Your answer must be an exact copy of the entries, containing no images.

(EXTRACTED RECORDS begins)

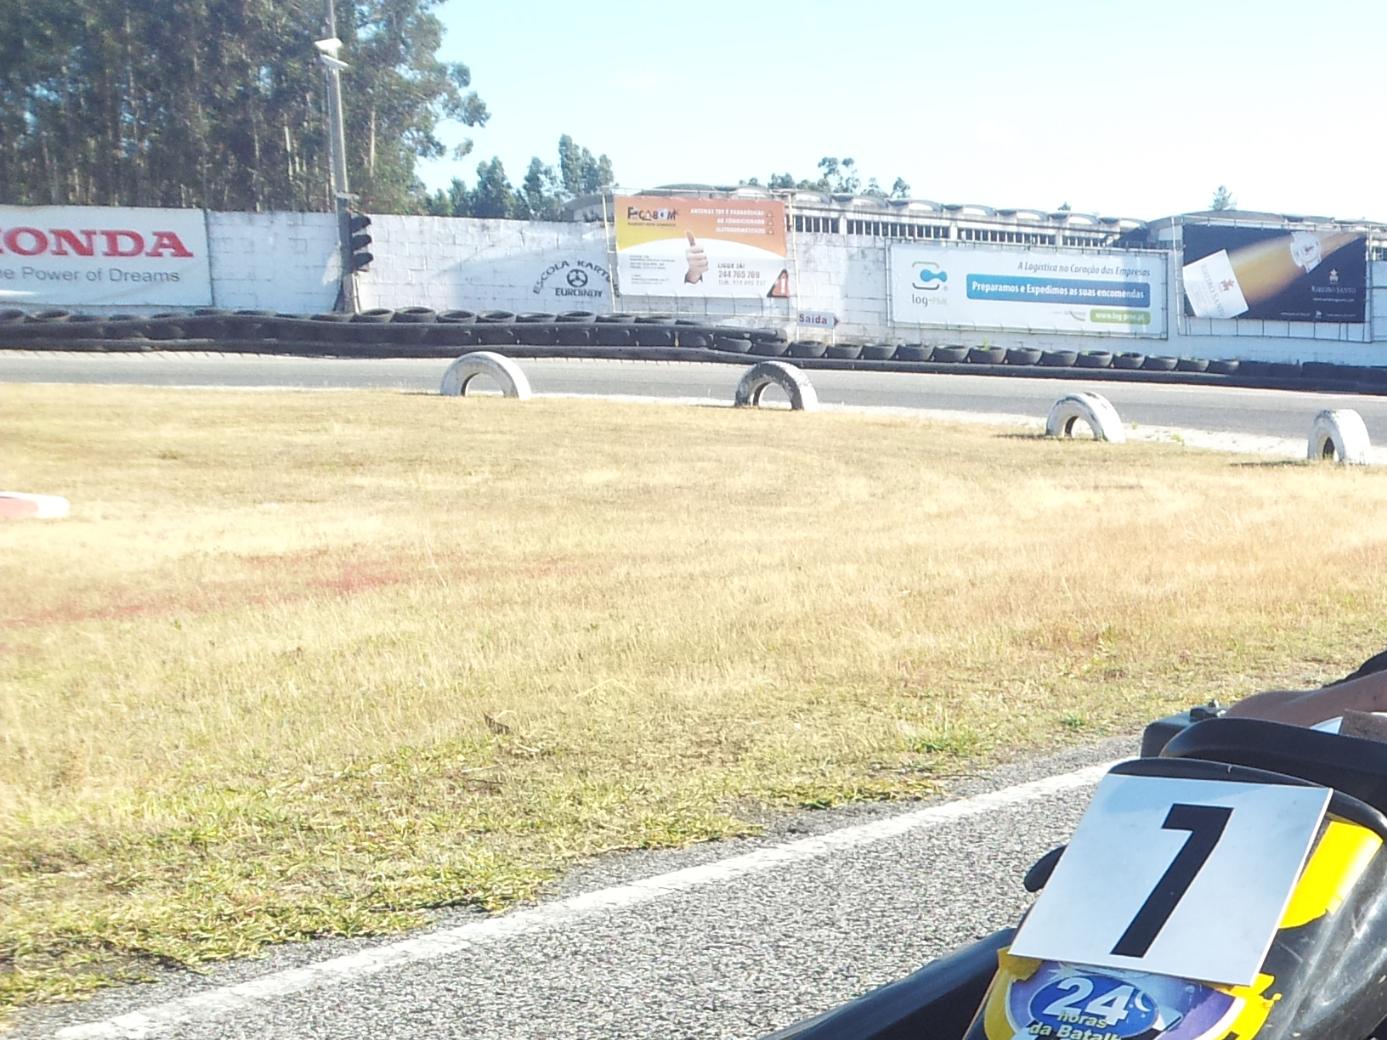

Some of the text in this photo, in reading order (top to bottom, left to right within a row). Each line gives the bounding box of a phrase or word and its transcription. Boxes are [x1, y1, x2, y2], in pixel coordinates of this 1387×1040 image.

[0, 227, 194, 258] ONDA
[22, 267, 79, 281] Power
[86, 267, 102, 282] of
[108, 267, 180, 282] Dreams
[972, 281, 1145, 299] Preparamos e Expedimos as suas encomendas
[1110, 803, 1235, 959] 7
[1042, 975, 1135, 1027] 24
[1029, 1021, 1052, 1037] da
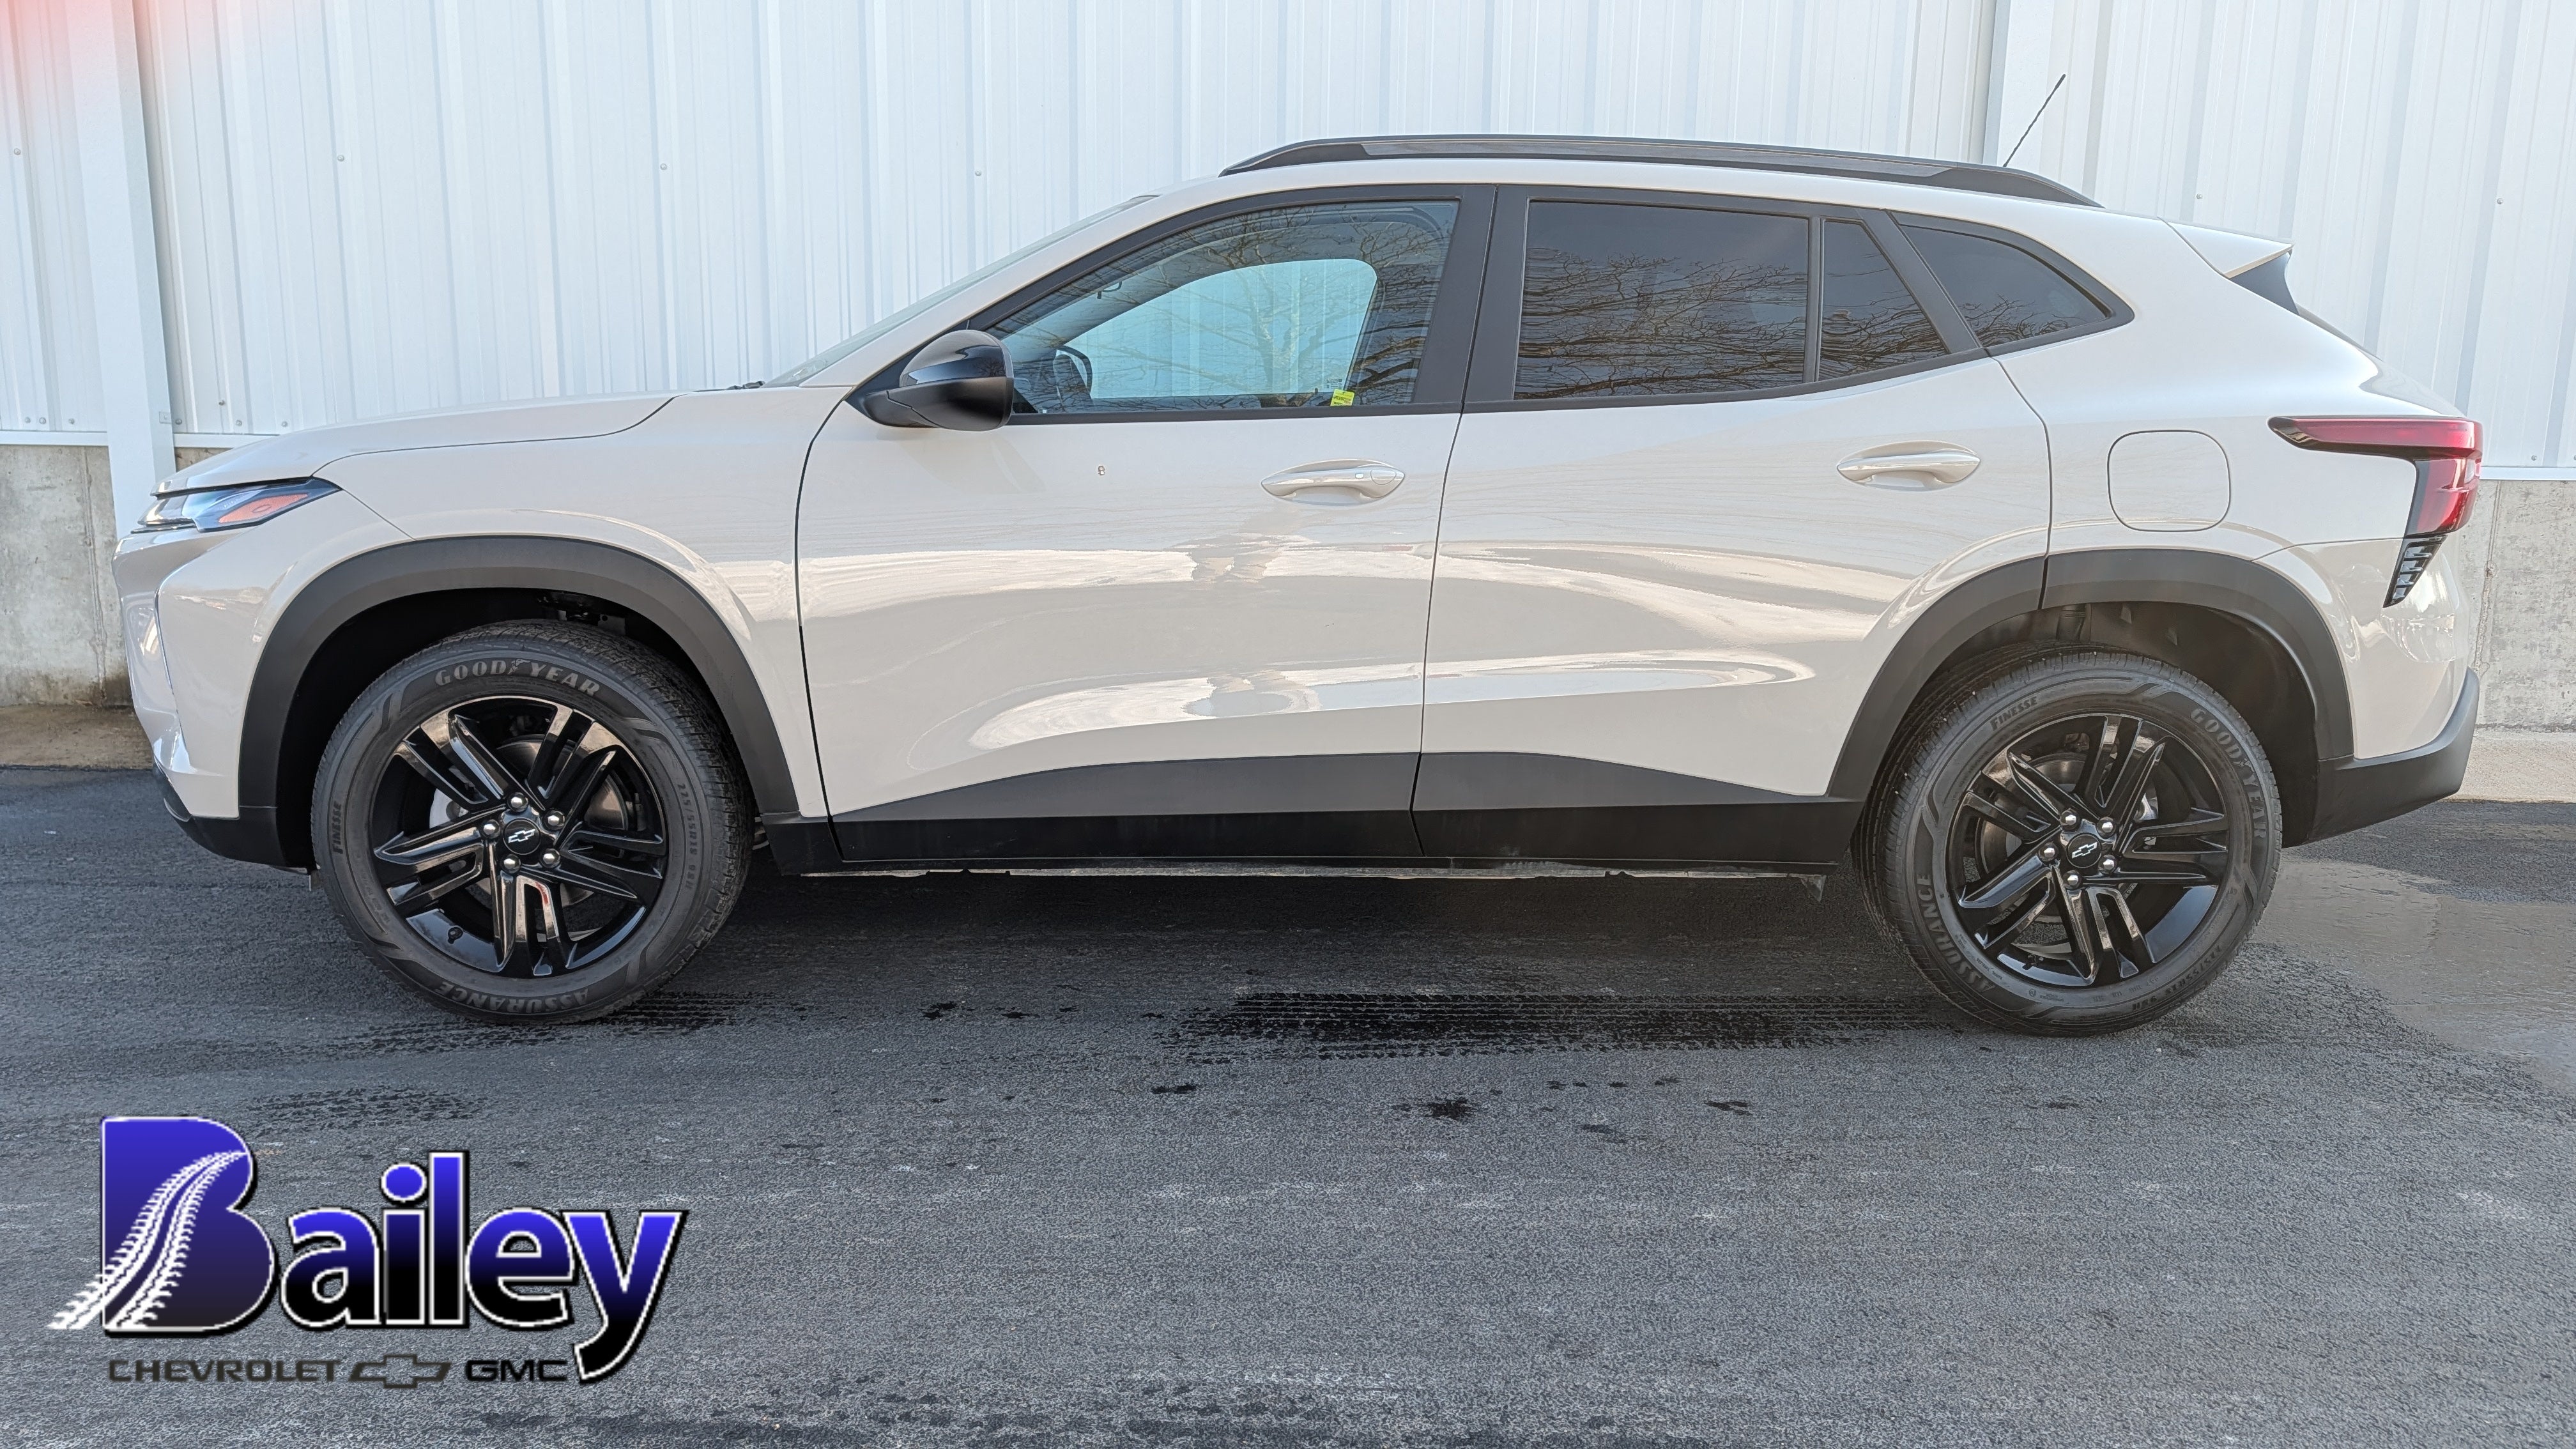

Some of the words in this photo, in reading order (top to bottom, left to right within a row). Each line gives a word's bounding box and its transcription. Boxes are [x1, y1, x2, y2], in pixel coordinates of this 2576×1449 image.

(EXTRACTED RECORDS ends)

EXPECTED ANSWER —
Some of the text in this photo, in reading order (top to bottom, left to right within a row). Each line gives the bounding box of a phrase or word and its transcription. Boxes are [x1, y1, x2, y2], in pixel coordinates of this 1387×1040 image.

[0, 227, 194, 258] ONDA
[22, 267, 79, 281] Power
[86, 267, 102, 282] of
[108, 267, 180, 282] Dreams
[972, 281, 1145, 299] Preparamos e Expedimos as suas encomendas
[1110, 803, 1235, 959] 7
[1042, 975, 1135, 1027] 24
[1029, 1021, 1052, 1037] da

Some of the words in this photo, in reading order (top to bottom, left to right within a row). Each line gives a word's bounding box and its transcription. Boxes are [x1, y1, x2, y2], in pixel coordinates of this 2576×1449 image.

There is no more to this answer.